• SUPPLIED MATERIAL:
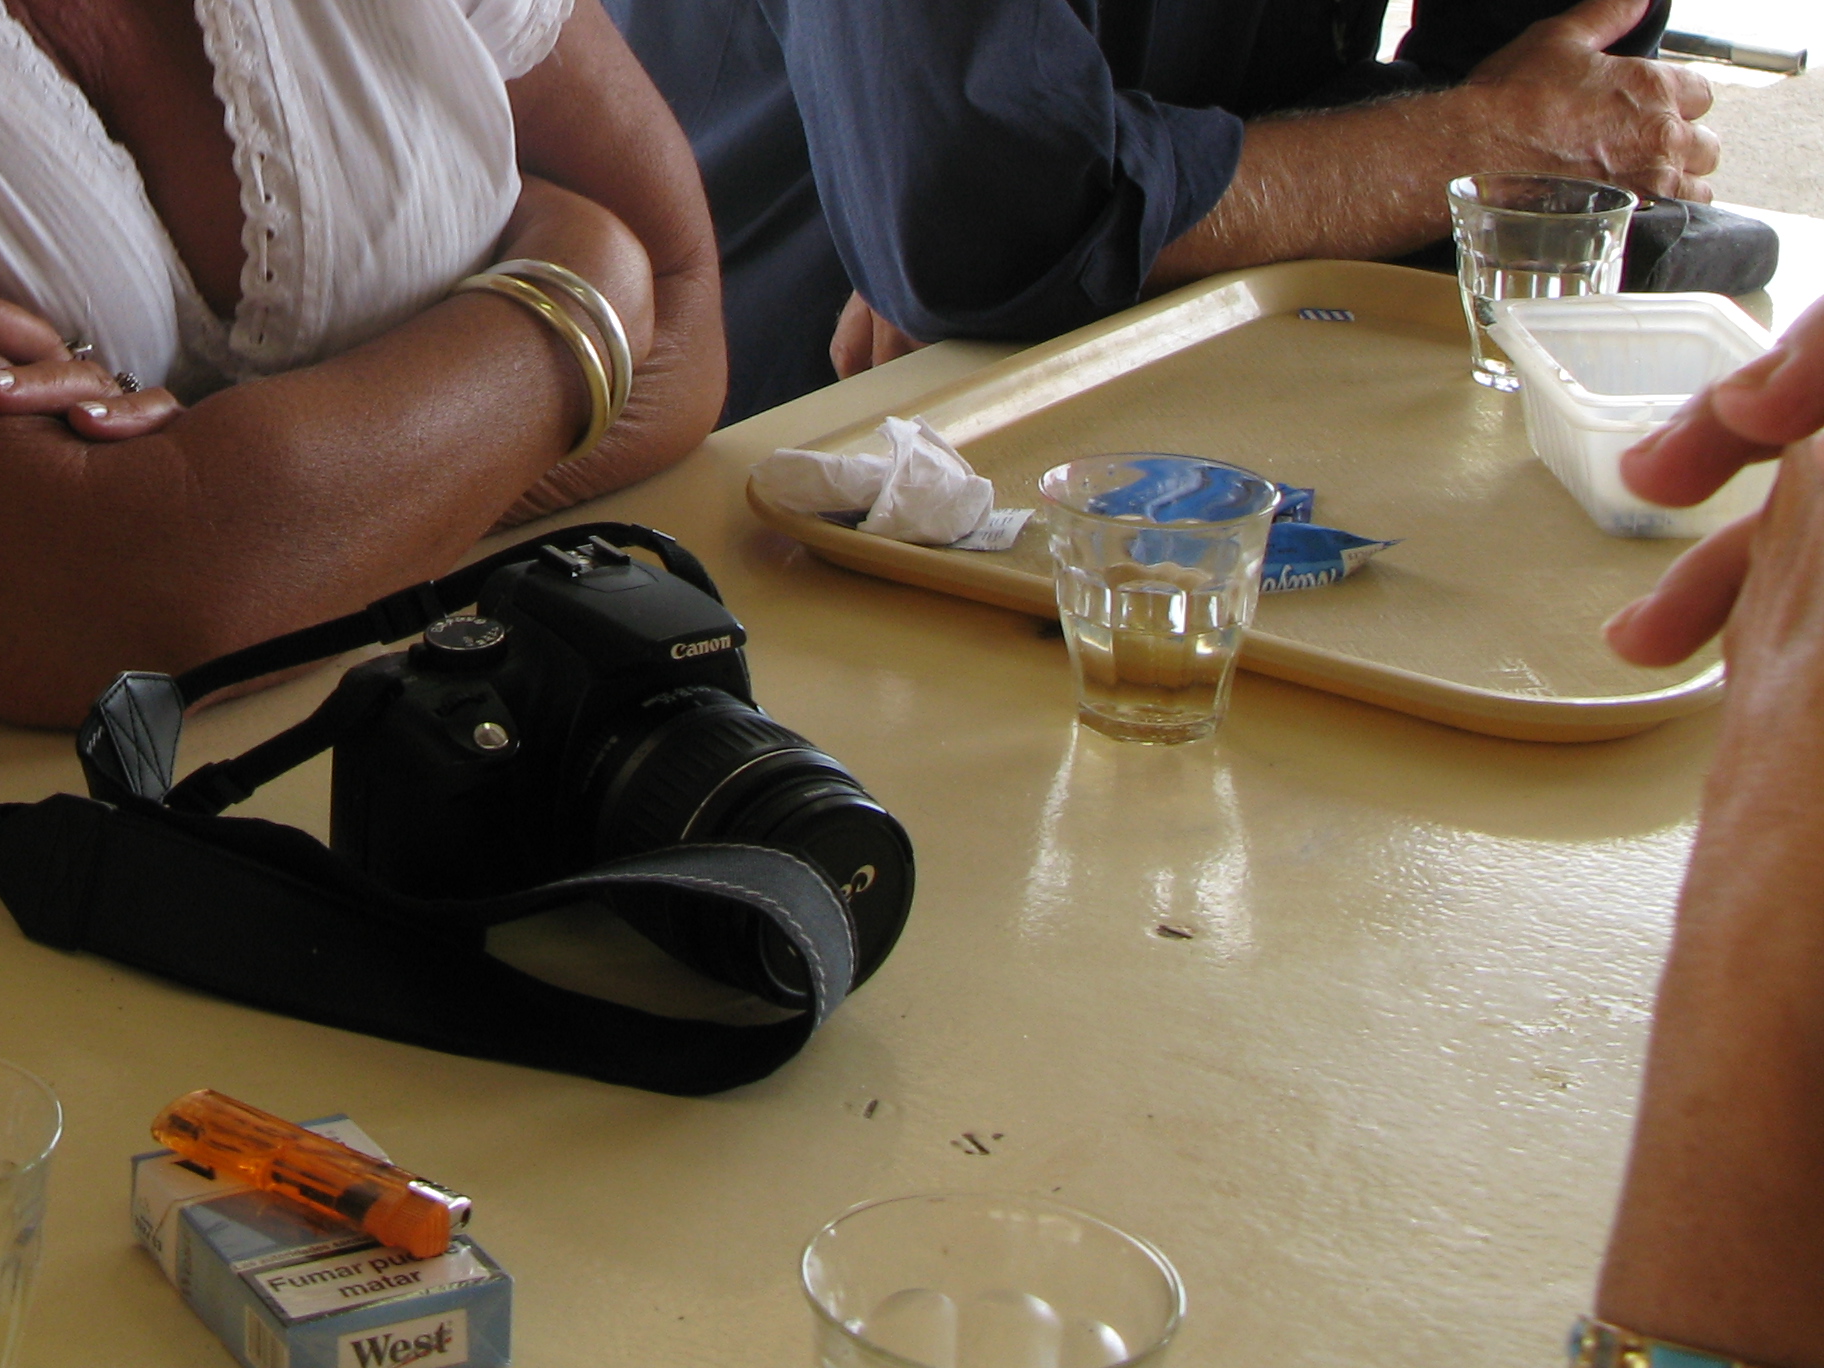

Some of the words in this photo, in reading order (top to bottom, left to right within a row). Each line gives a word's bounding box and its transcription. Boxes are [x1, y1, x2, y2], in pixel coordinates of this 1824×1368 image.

[670, 635, 732, 660] Canon
[266, 1261, 364, 1294] Fumar
[338, 1268, 423, 1299] matar
[350, 1322, 450, 1368] West
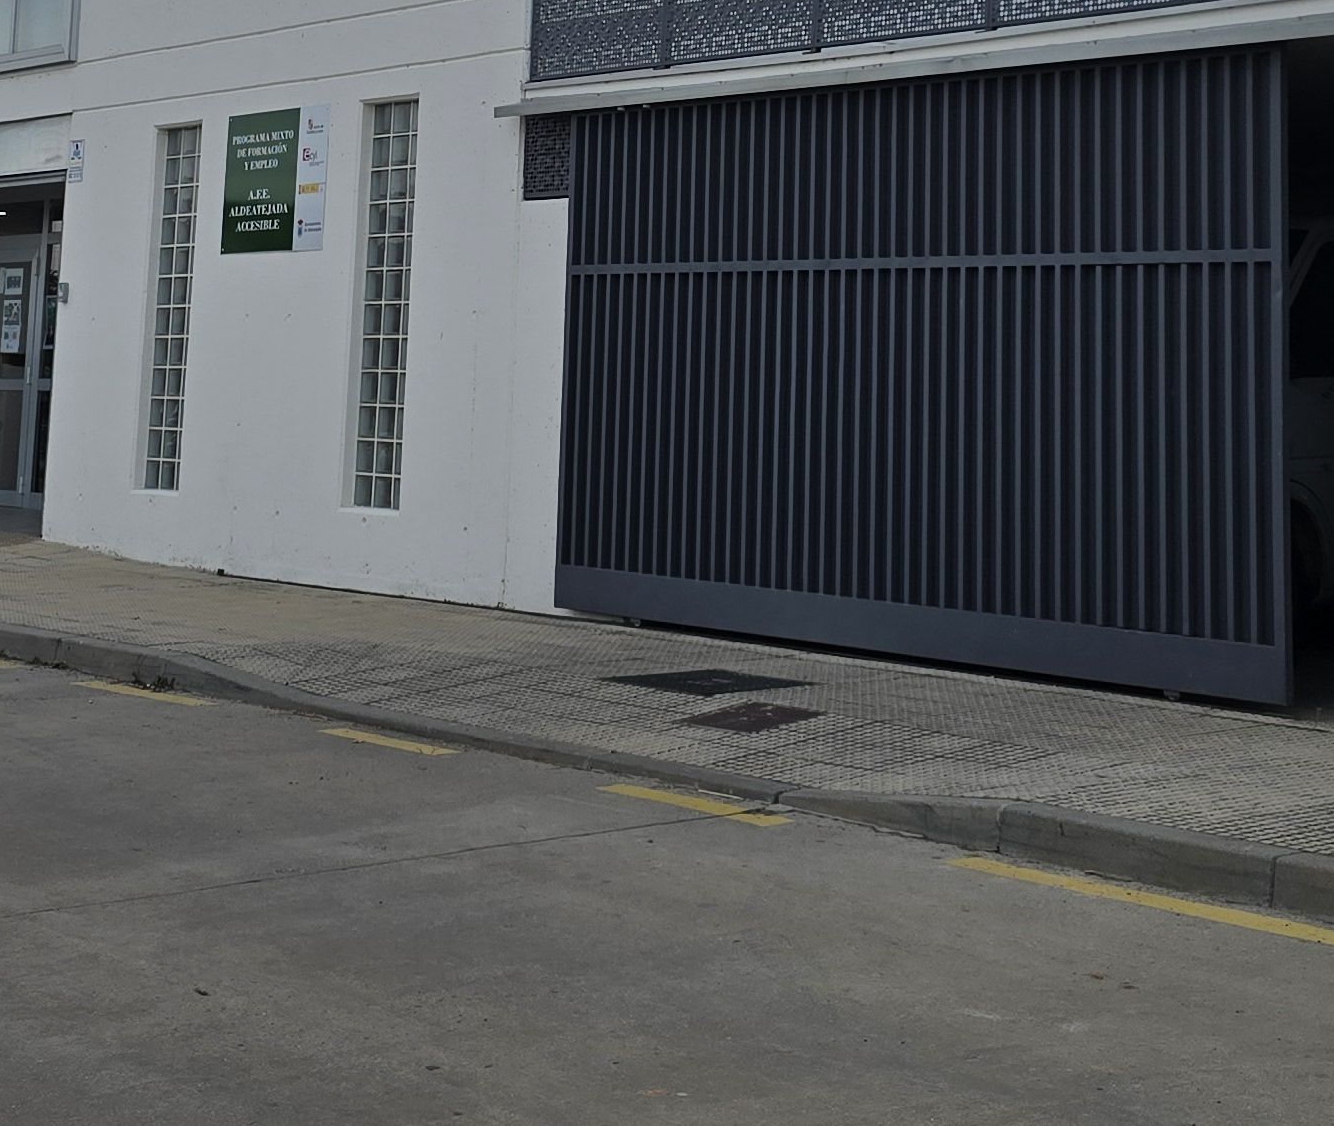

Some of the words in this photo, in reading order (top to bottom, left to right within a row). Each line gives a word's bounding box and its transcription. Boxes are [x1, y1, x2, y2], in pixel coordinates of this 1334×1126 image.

[232, 133, 269, 145] PROGRAMA
[271, 129, 294, 141] MIXTO
[237, 148, 247, 158] DE
[247, 142, 288, 157] FORMACIÓN
[244, 161, 250, 171] Y
[250, 158, 278, 171] EMPLEO
[248, 188, 271, 201] A.F.E.
[229, 203, 288, 217] ALDEATEJADA
[235, 219, 280, 232] ACCESIBLE
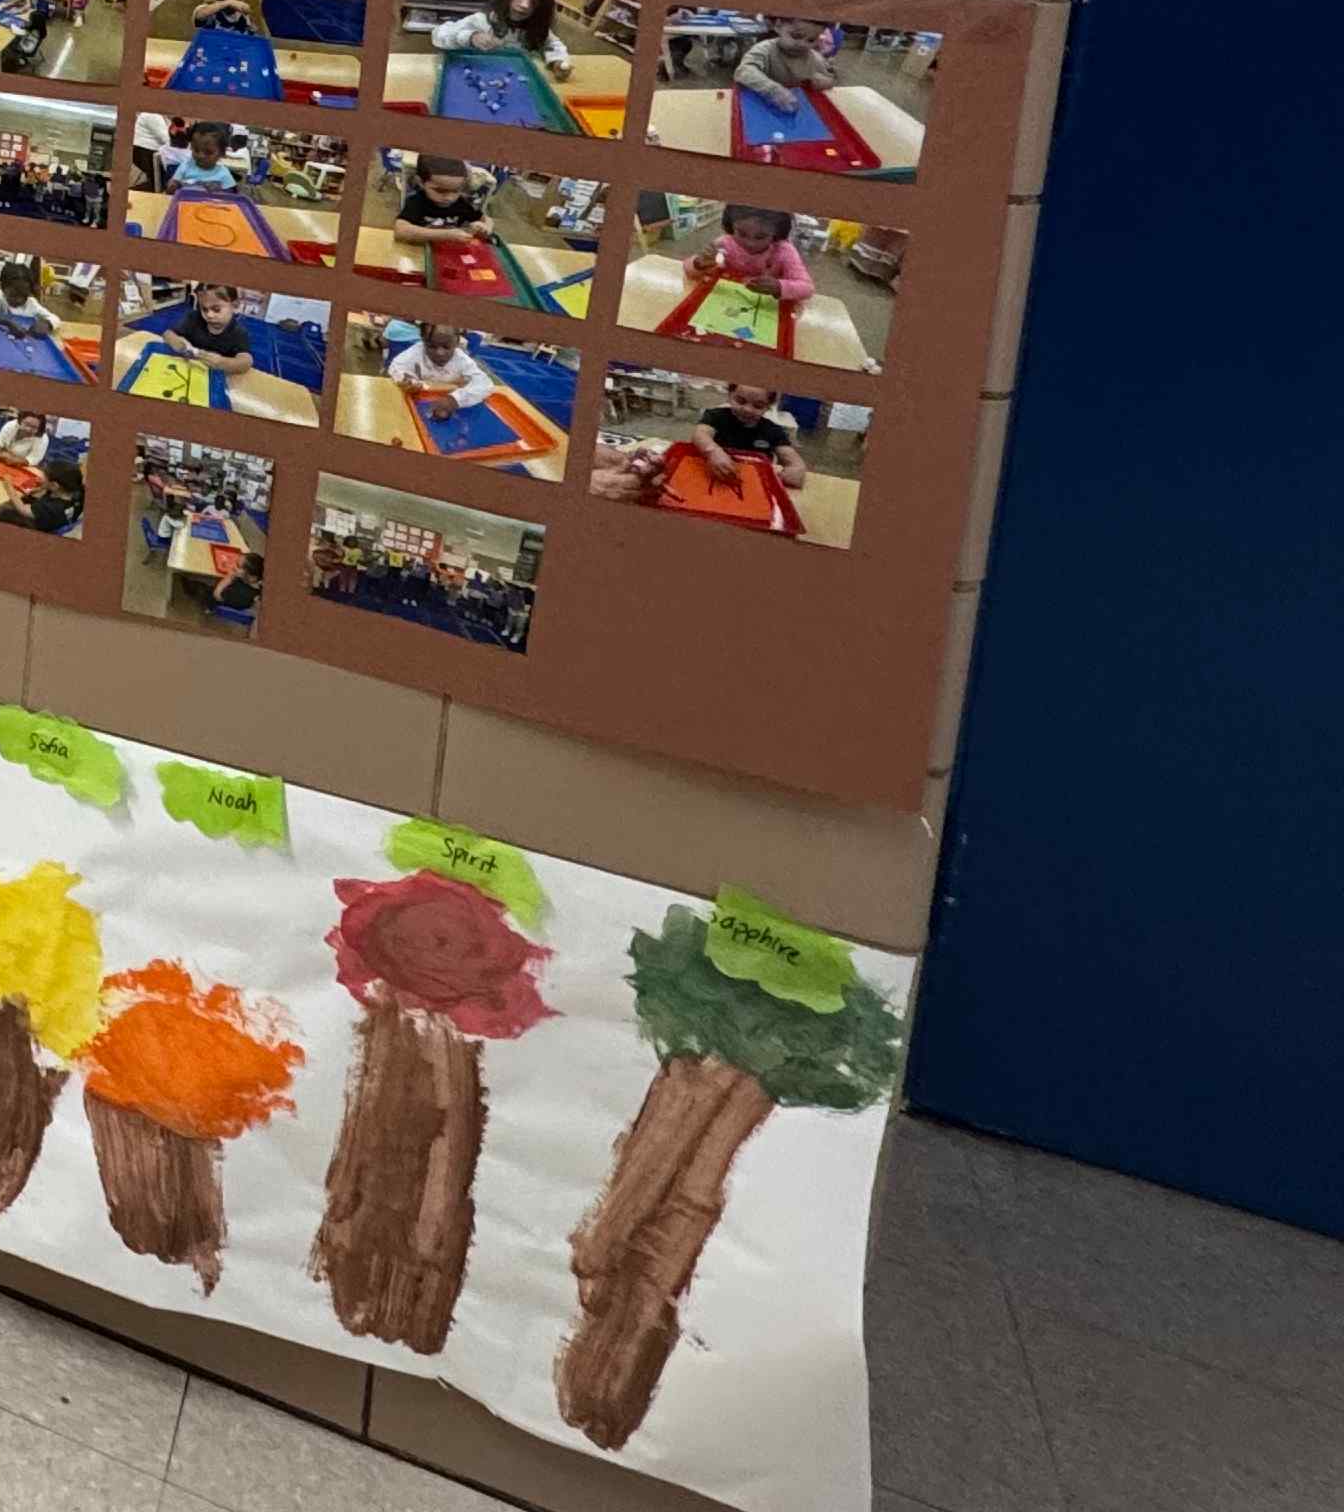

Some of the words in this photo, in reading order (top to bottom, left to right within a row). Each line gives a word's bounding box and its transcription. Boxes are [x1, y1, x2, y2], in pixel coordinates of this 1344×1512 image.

[28, 732, 70, 759] Sofia
[207, 787, 257, 815] Noah
[440, 837, 499, 873] Spirit
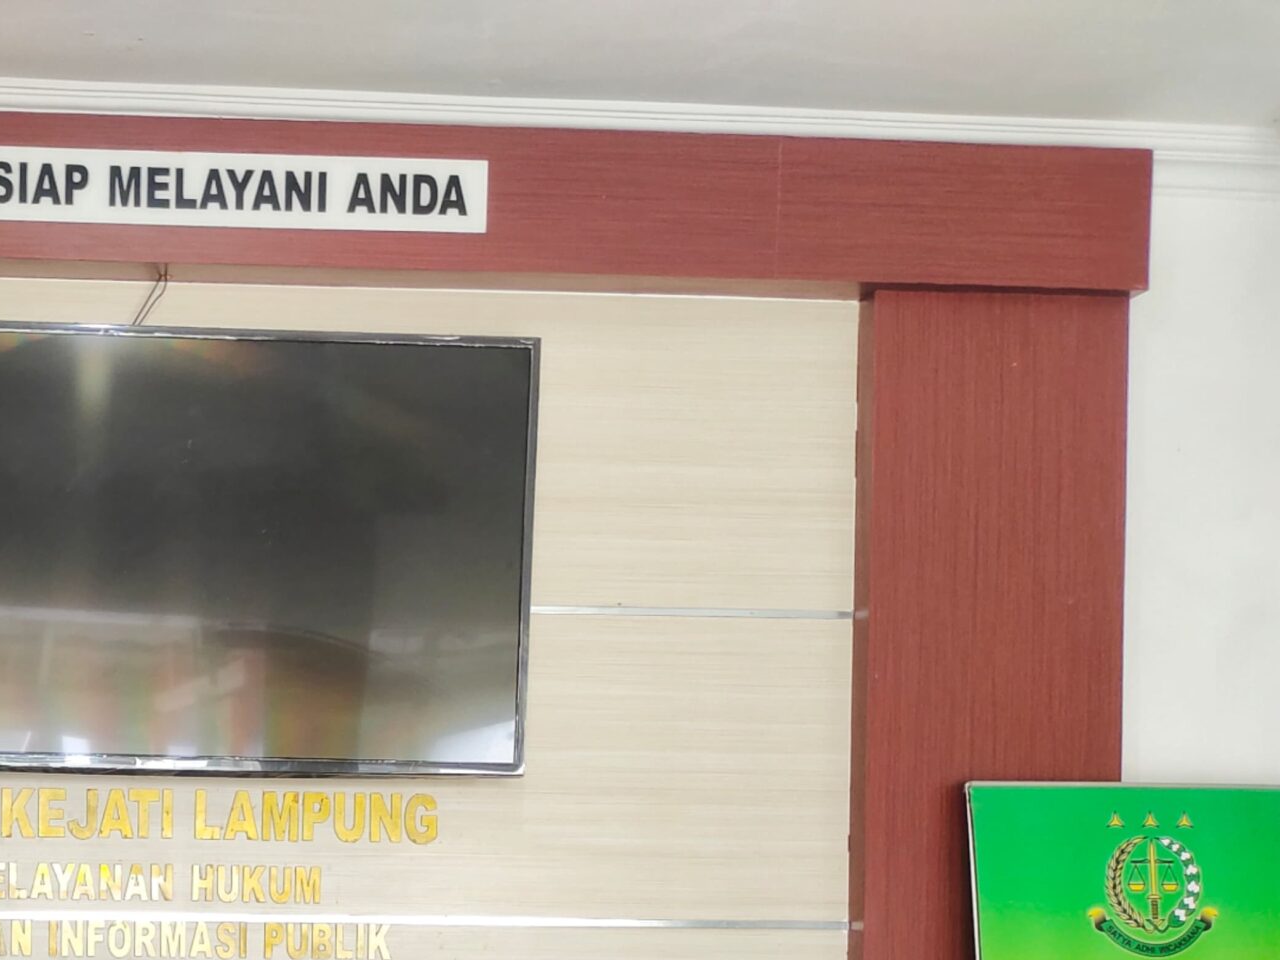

• WHAT YOU HAVE TO DO: Would you transcribe each of the entries exactly, skipping the pictures?

• RESPONSE:
Some of the words in this photo, in reading order (top to bottom, left to right within a row). Each line gives a word's bounding box and its transcription. Boxes are [x1, y1, x2, y2], in pixel coordinates of this 1824×1368 image.

[670, 635, 732, 660] Canon
[266, 1261, 364, 1294] Fumar
[338, 1268, 423, 1299] matar
[350, 1322, 450, 1368] West

Some of the words in this photo, in reading order (top to bottom, left to right within a row). Each line gives a word's bounding box and its transcription. Boxes are [x1, y1, x2, y2], in pixel coordinates of this 1334×1126 image.

[232, 133, 269, 145] PROGRAMA
[271, 129, 294, 141] MIXTO
[237, 148, 247, 158] DE
[247, 142, 288, 157] FORMACIÓN
[244, 161, 250, 171] Y
[250, 158, 278, 171] EMPLEO
[248, 188, 271, 201] A.F.E.
[229, 203, 288, 217] ALDEATEJADA
[235, 219, 280, 232] ACCESIBLE

Some of the words in this photo, in reading order (top to bottom, left to right within a row). Each line gives a word's bounding box and its transcription. Boxes are [x1, y1, x2, y2], in pixel coordinates of this 1344×1512 image.

[28, 732, 70, 759] Sofia
[207, 787, 257, 815] Noah
[440, 837, 499, 873] Spirit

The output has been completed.